Friday, August 07, 2009 11:56 AM

I have recently completed work on a WPF application which required a reasonable amount of interaction with Microsoft Outlook. Specifically, we needed to implement two operations: firstly, we needed the ability to generate a new email and open it in Outlook (without sending it); and secondly, we needed to send an email via Outlook behind the scenes, without any user interaction.

There were a couple of additional requirements affecting how this functionality could be implemented. One of these was a technical issue, and the other was mandated by the business for whom the application is intended.
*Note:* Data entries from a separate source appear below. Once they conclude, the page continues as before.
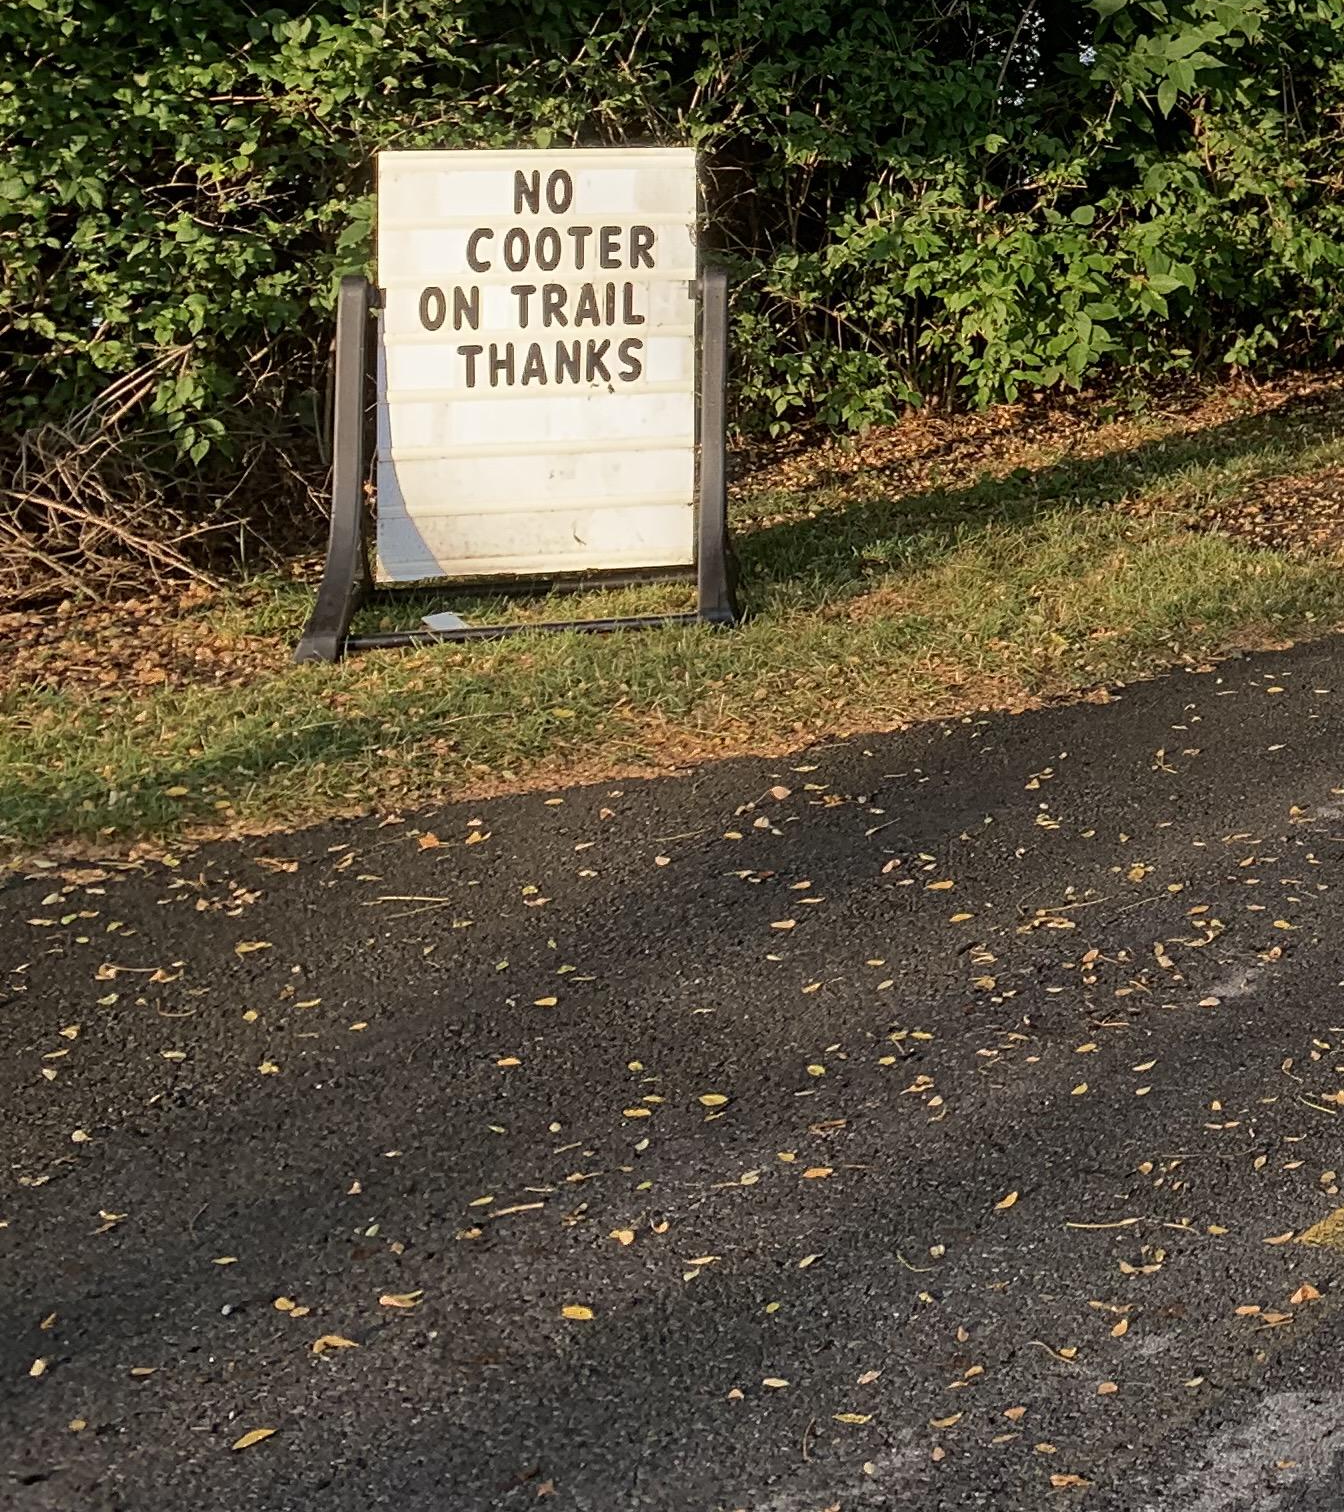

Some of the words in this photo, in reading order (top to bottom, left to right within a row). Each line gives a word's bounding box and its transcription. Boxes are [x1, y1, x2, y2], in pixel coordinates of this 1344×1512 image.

[514, 169, 574, 215] NO
[466, 225, 656, 273] COOTER
[419, 285, 480, 331] ON
[510, 281, 645, 328] TRAIL
[457, 338, 644, 388] THANKS
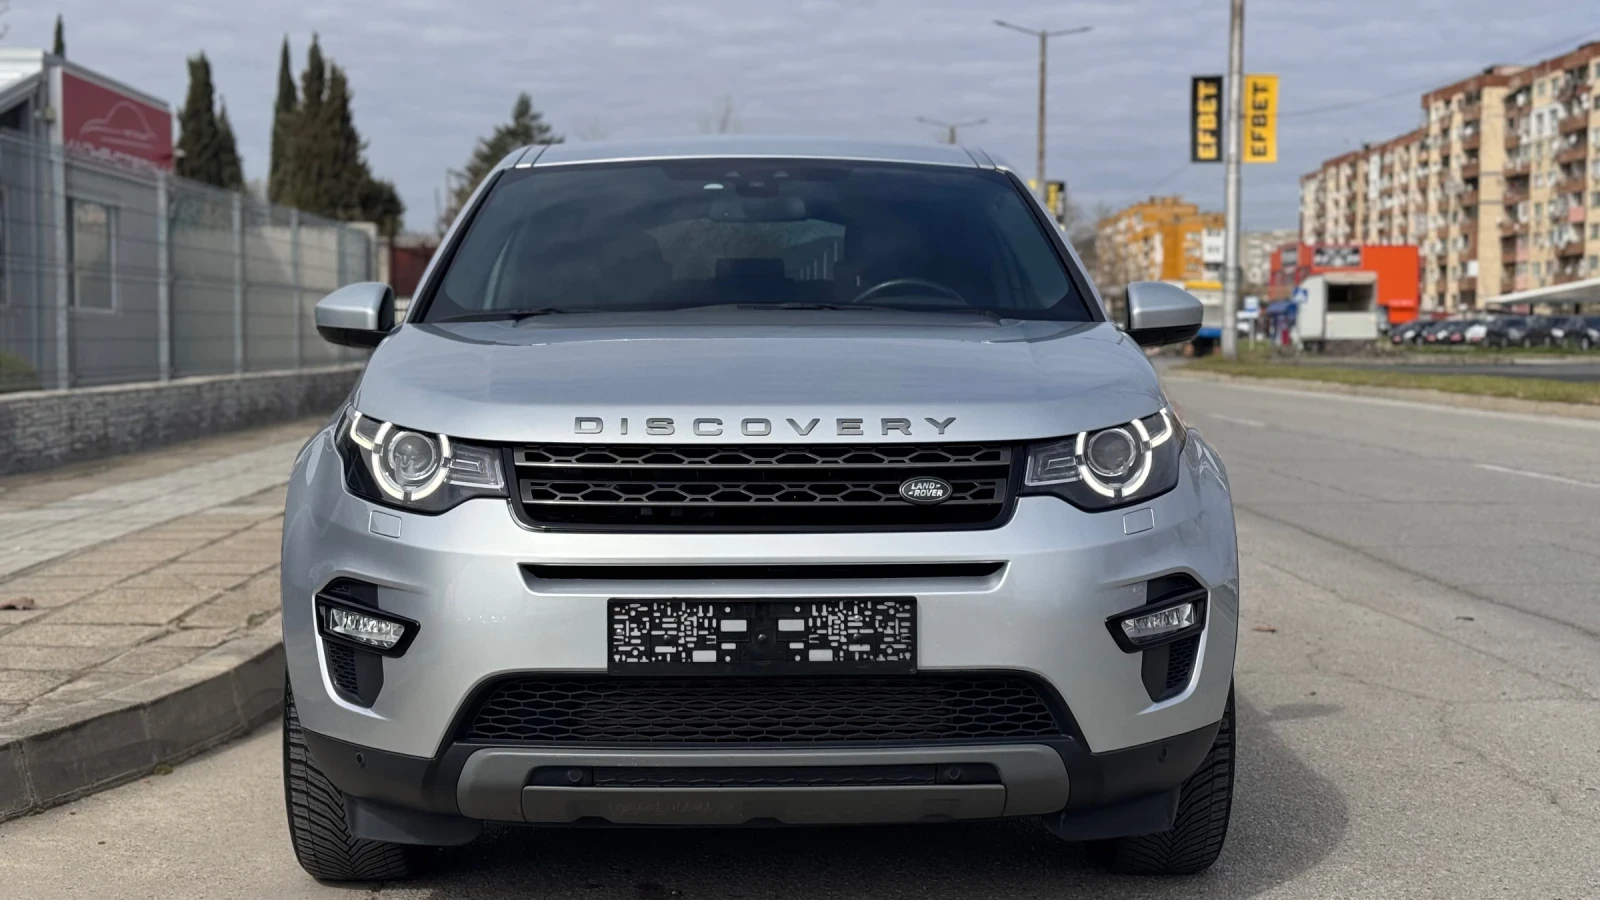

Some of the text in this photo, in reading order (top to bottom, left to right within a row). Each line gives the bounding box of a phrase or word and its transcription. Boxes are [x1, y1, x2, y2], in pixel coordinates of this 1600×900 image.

[1197, 81, 1218, 159] EFBET
[1251, 81, 1269, 157] EFBET
[574, 416, 957, 436] DISCOVERY
The first stipulation was that whatever code we used to communicate with Outlook needed to support multiple versions of Office. Our end-users run a mix of Office 2003 and 2007, and the requirement was that those currently running Office 2003 should be able to upgrade to Office 2007 without having to install a new version of the WPF client application.

The second restriction was that all emails should be sent using the standard company branding; in particular, all emails needed to use their standard email signature.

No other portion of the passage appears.